You have probably already searched and found [url="http://mails.datawatch.com/cgi-bin/ultimatebb.cgi?ubb=get_topic;f=1;t=000266#000000"]this[/url] post from a few years ago.
If the address block gives you a single field for everything EXCEPT the state and zip some of the work will have been done for you but unfortunately in this case that was the easier part!
It might be worth looking for obscure separators between each section - like double instead of single spacing for example, but that is a long shot and in any case may not be reliable.
As mentioned in the post referenced above, using strings like "PO Box" to split with can be a good start but of course will only apply to some addresses unless you are very lucky with the content.
I suppose it may be possible to come up with a small number of variations that work successfully with, say, 80% of addresses and build in a flag that identifies records where there is no clear success so that they can be segregated for re-assessment and possibly manual conversion. Better that than having to deal with large numbers manually.
Alternatives to be considered may include looking at the capabilities of name and address checking software or de-duplicating programs which may have similar functionality and will have been based on analysis of all allowable possibilities for address formats. If you have a small one-off extraction that may not be viable. For a very large one-off extraction it might be justifiable. For a task that will be regularly repeated, almost no matter what the data volume, anything that avoids manual processing would likely be desirable.
Oh for the days when punctuation was used (mostly correctly) everywhere. Commas at the end of each address 'line' would make this split job very simple.
Thanks ever so much, Grant, for pointing out that other thread. I had looked before I posted my question but hadn't seen it.
Regarding correct punctuation, the problem is kind of relative. It depends on what you're used to. This client is actually consistent, which I consider a real gift!
I'll have to study the other thread more completely when I have time and put together a string of functions.
Thanks for your help.
Thanks ever so much, Grant, for pointing out that other thread. I had looked before I posted my question but hadn't seen it.[/quote]Things are easy to miss - especially when they go back some way.
Regarding correct punctuation, the problem is kind of relative. It depends on what you're used to. This client is actually consistent, which I consider a real gift![/quote]Agreed!
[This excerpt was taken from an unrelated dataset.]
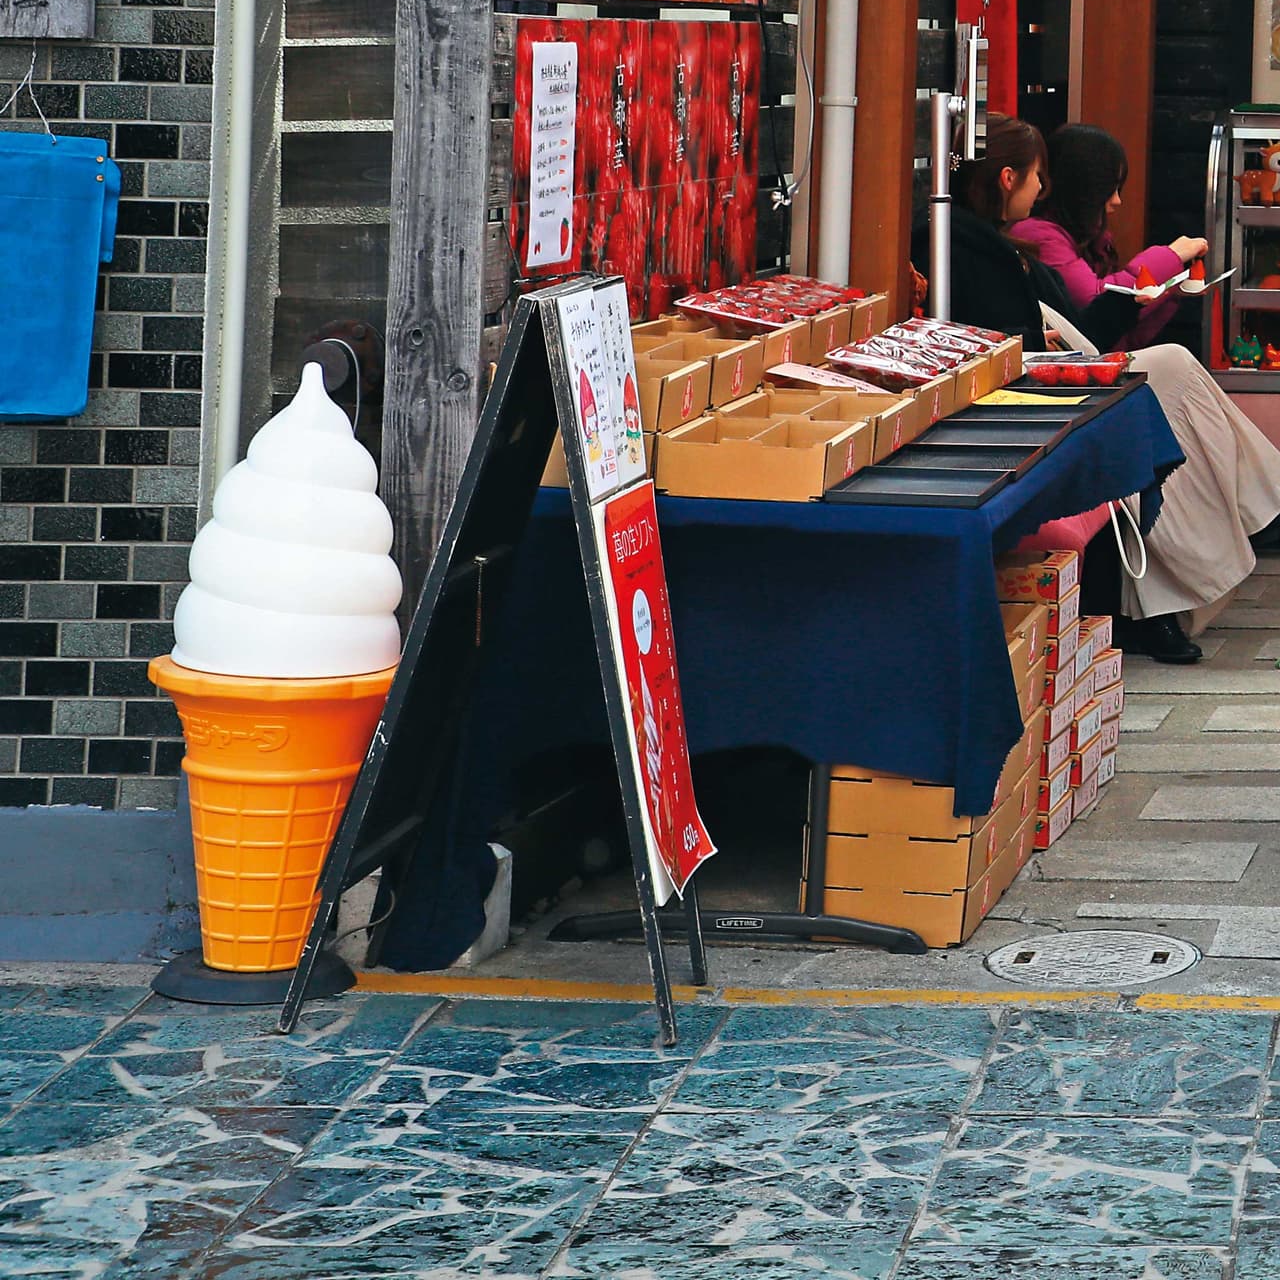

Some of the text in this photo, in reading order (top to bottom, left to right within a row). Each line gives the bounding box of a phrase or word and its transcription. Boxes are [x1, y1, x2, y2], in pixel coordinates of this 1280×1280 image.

[612, 517, 655, 563] 苺の生ソフト
I'll have to study the other thread more completely when I have time and put together a string of functions.[/quote]I wonder how close you need to get to perfection for the purpose? Most name and address databases have significant anomalies for which address lines fields are in which fields. Since Stae/ZIP seem reasonably easy to identify it may be that only City is critical from the rest of the line? In which case I guess it would be possible to build a lookup table (external?) from a master list of all possible 'city' names and set a flag for 'Found' (or not found) in order to filter all those records that are questionable.
If that gave you an automated hit rate of, say 80% plus it would be a good result probably.
The failing 20% could then be assessed and 'corrected' or the lookup list added to, thus improving automation over time.
A similar approach could be taken to the analysis of the other parts of the address line but with more variables to consider and many likely anomalies in format and content that could be a frustrating task.
Have you checked with the client to see if there is anything they can do to assist with identifying the break points? It would be a shame to be re-inventing the wheel.
Perfection is not necessary. Nor is it an emergency, since it's another dept. that enters is manually until it can be automated.
Yes, Address Block can break off the state and Zip easily, so it IS only the street/city that need to be separated.
We have 4 clients who have this exact same format, so it's not just someone in their offices being creative. I suspect there is some small-medical-office software that produces this Excel report. It's possible they have some options when printing it, but most of our small-medical-office clients are unsophisticated in their computer usage. (They do, however, make up for it with their kindliness, for the most part.)
External lookup is a good idea. I haven't done that with Monarch yet. Something like looking for towns that start with New or Mount or Saint, etc., and streets that end in Street, Drive, Road, etc., and I guess default to a one-word city when in doubt. The Zip will get the mail delivered, so perfection isn't necessary.
I will work on a string of functions when I get the time (if that ever happens!) In the meantime, our data entry people will just have to do it.
Thanks for your help in thinking about this problem.
Just thinking aloud here ...
It may be that you could provide a list in, say, Excel form where the address block has done what it can resulting in possibly some OK records and others with error flags provided by the address block functionality.
As you know Street, Drive, Road, etc., are useful ways to strip off the front part of the address when they are present. State and Zip will be off the back end. So you could provide a field which just needs the split point identifying by manual changes - even just entering the punctuation perhaps - and then re-present that to Monarch (or maybe even leave it in Excel) for the final stage of automation.
I get the impression that the volume of records with the problem is not enormous so at some point comes the decision about how far to take the development.
In fact if only a small number of sources are involved that may limit the extent of possible variations for the address cities and towns anyway? Which observation, if real, could make the lookup table option, possibly setup using the source to limit the matching whether by program or within Monarch, relatively viable compared to a national identification need.
But I am guessing.
In the end someone is going to have to review the flagged errors so doing much more than highlighting them may be overkill.